Je m’échauffe avec Séverine
Avec la troisième, nous avons joué à l'art de la provocation sur plusieurs après-midis, écrans interposés, mesurant nos pulsions mutuelles. "Fais-moi peur, chérie, chéri…" Séverine, 41 ans, mais paraissant en avoir dix de moins, est dotée d'une tchatche vive. C’est elle qui a fixé notre rendez-vous, après dix jours de tergiversations : un bar de la rue Saint-Antoine, où la musique forte nous offre le prétexte parfait pour nous rapprocher rapidement et murmurer à l’oreille. J’avoue être sensible à cette approche audacieuse. Séverine, cadre dans une entreprise financière, jongle avec des sommes considérables, mais doit aussi affronter des nuits où son mari, comptable, lui semble « aussi ennuyeux qu'une blette ». Ce soir-là, nous ne faisons pas long feu, nous nous séparons vers minuit, un contretemps parfait pour justifier nos absences auprès de nos « partenaires » respectifs.
Je bous avec Leila
Leila, la dernière de mes rencontres, m'a intrigué par son message succinct : « Une aventure, une conversation, une histoire. » Je préfère : « Une conversation, une aventure, une histoire. » Mais pour elle, « si tu sais comment t’y prendre au lit, alors nous pourrons envisager de nous arrêter un moment sur le bas-côté pour discuter et rire. Et si tu es capable d'échanger dans toutes ses dimensions, l’idée d’une histoire sérieuse pourrait naître. » J'ai finalement rencontré Leila au bar du Mama Shelter : une petite brune pas tout à fait jolie mais chargée d’un charme indéniable, coiffée d’un carré impeccable et d'un aplomb captivant. Elle travaille comme assistante de direction dans une société d’emballage en grande banlieue. Suivrai-je son programme ou le mien ? Il est fort probable que nous ayons démarré par le sien, moins conventionnel, mais peut-être plus excitant pour mon ego de mâle sucré…
Je rêve de toutes les autres
En revanche, il est important de noter que j'aurais souhaité en apprendre davantage sur Louloue, fleuriste de 26 ans : « Ne se prend pas la tête et aime les surprises. N’hésitez pas à être direct, j’apprécie la franchise. Les romantiques, passez votre chemin ! » Malheureusement, nos échanges n'ont probablement pas été assez assertifs pour elle.

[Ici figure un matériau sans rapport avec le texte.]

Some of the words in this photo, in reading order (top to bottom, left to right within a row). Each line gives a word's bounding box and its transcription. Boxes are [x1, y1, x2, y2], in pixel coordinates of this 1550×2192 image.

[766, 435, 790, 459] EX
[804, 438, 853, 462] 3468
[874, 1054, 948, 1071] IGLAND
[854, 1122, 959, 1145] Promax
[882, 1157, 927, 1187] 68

Je n'ai pas cherché à savoir davantage sur Fabyn, 100 kg pour 1,50 m, la prometteuse « combinaison entre Monica Bellucci et Josiane Balasko » (bien que cela ait été tentant). Ou encore sur cette « femme mariée de 33 ans désireuse de découvrir des aventures sans complications, mais remplies de charme, de frisson et de désir. Peu importe le sexe, mais pas les deux en même temps. » Une précision plutôt sympa.

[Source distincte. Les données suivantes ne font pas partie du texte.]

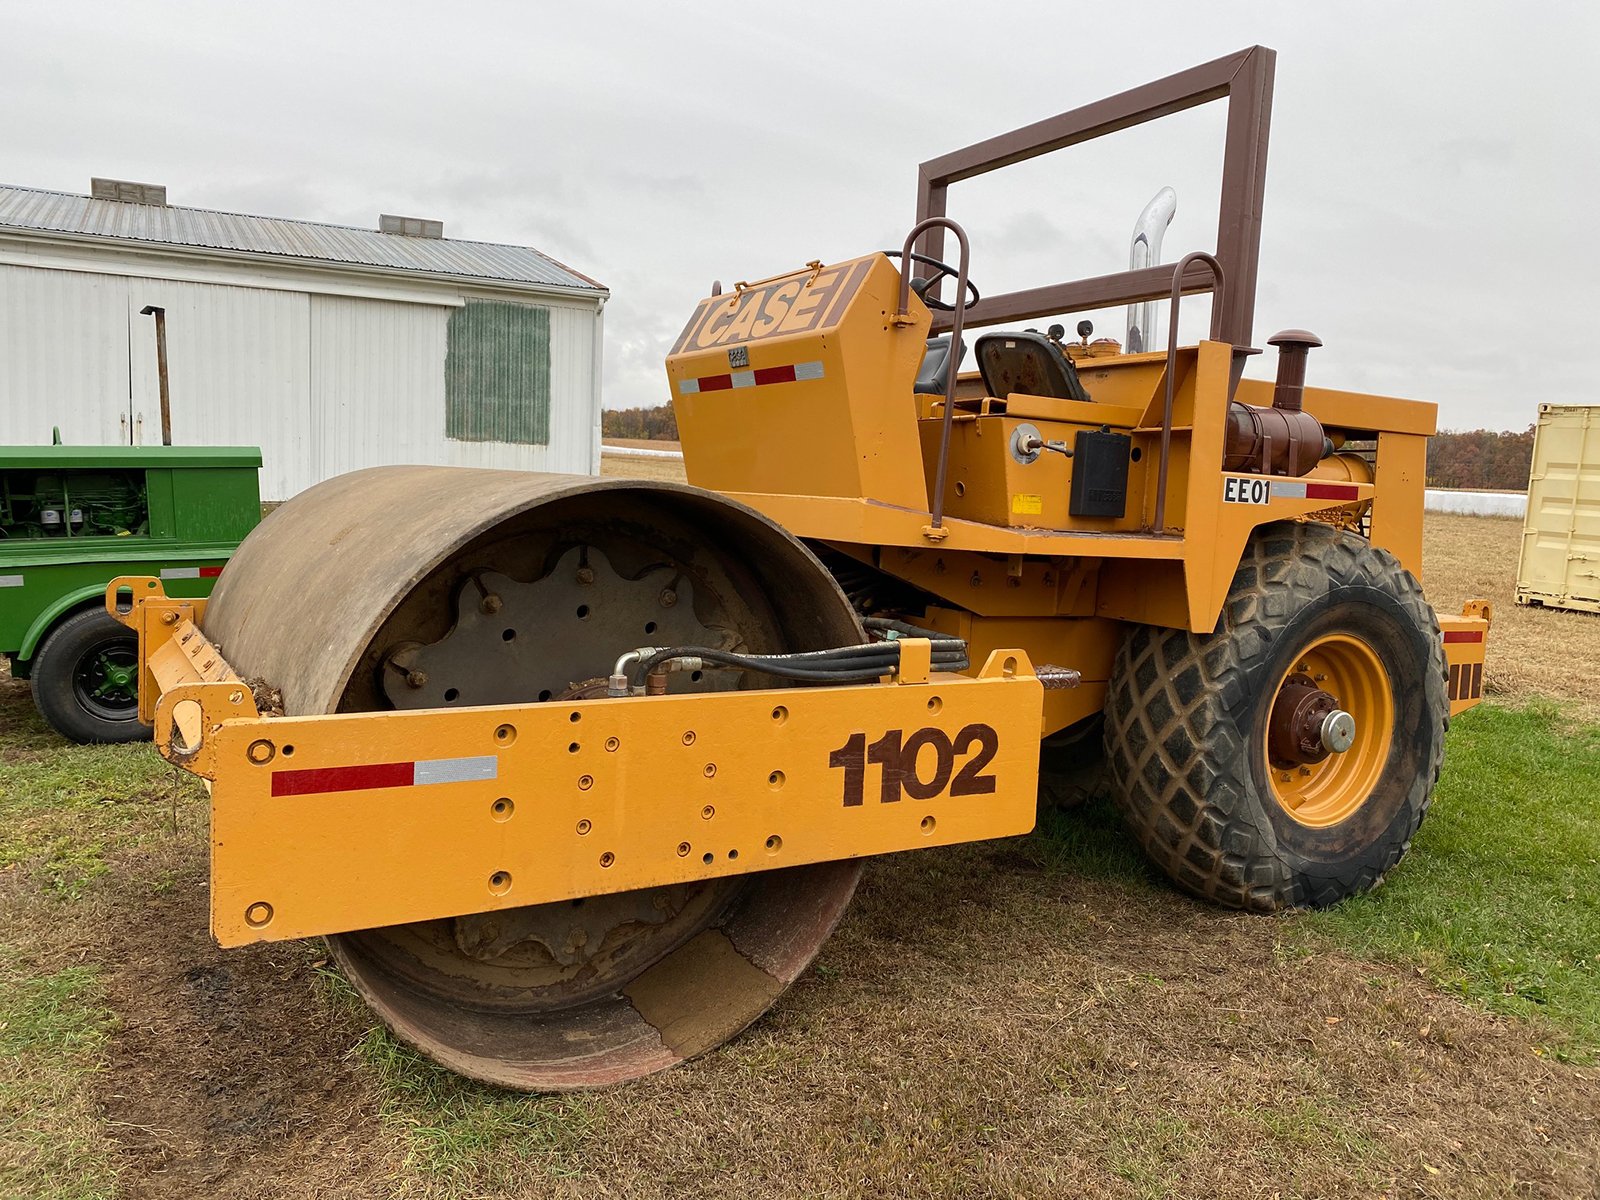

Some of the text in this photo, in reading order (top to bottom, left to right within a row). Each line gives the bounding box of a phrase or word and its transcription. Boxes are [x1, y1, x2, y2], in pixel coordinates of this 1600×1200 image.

Un extra, un en-cas, un hors-d’œuvre, un dessert… Indéniablement, l'homme est ici un plat à déguster. J’aurais peut-être été charmé par Falbix : « Femme jeune (et encore), blonde (selon la saison), avec des yeux bleus (deux c'est mieux), dynamique (je fais de mon mieux), élégante (enfin, je crois) mais un peu usagée (mariée ou presque) mais encore fonctionnelle… » Enfin, j’aurais eu trop peur de tomber à côté avec Ginette-Dus : « À la recherche de son Jean-Claude, entre 37 et 45 ans maximum, sûr de son charme, d'un statut social élevé et doté de son humour célèbre. »
Ainsi, basta Gleeden et sa croqueuse de pomme. Les fruits que je préfère se trouvent dans ma cuisine. Je n’ai pas besoin de me compliquer la vie pour croquer dans ce qui m’est offert.
(*) Pseudos et prénoms ont été modifiés. Les photos sont purement illustratives et ne représentent en rien la réalité.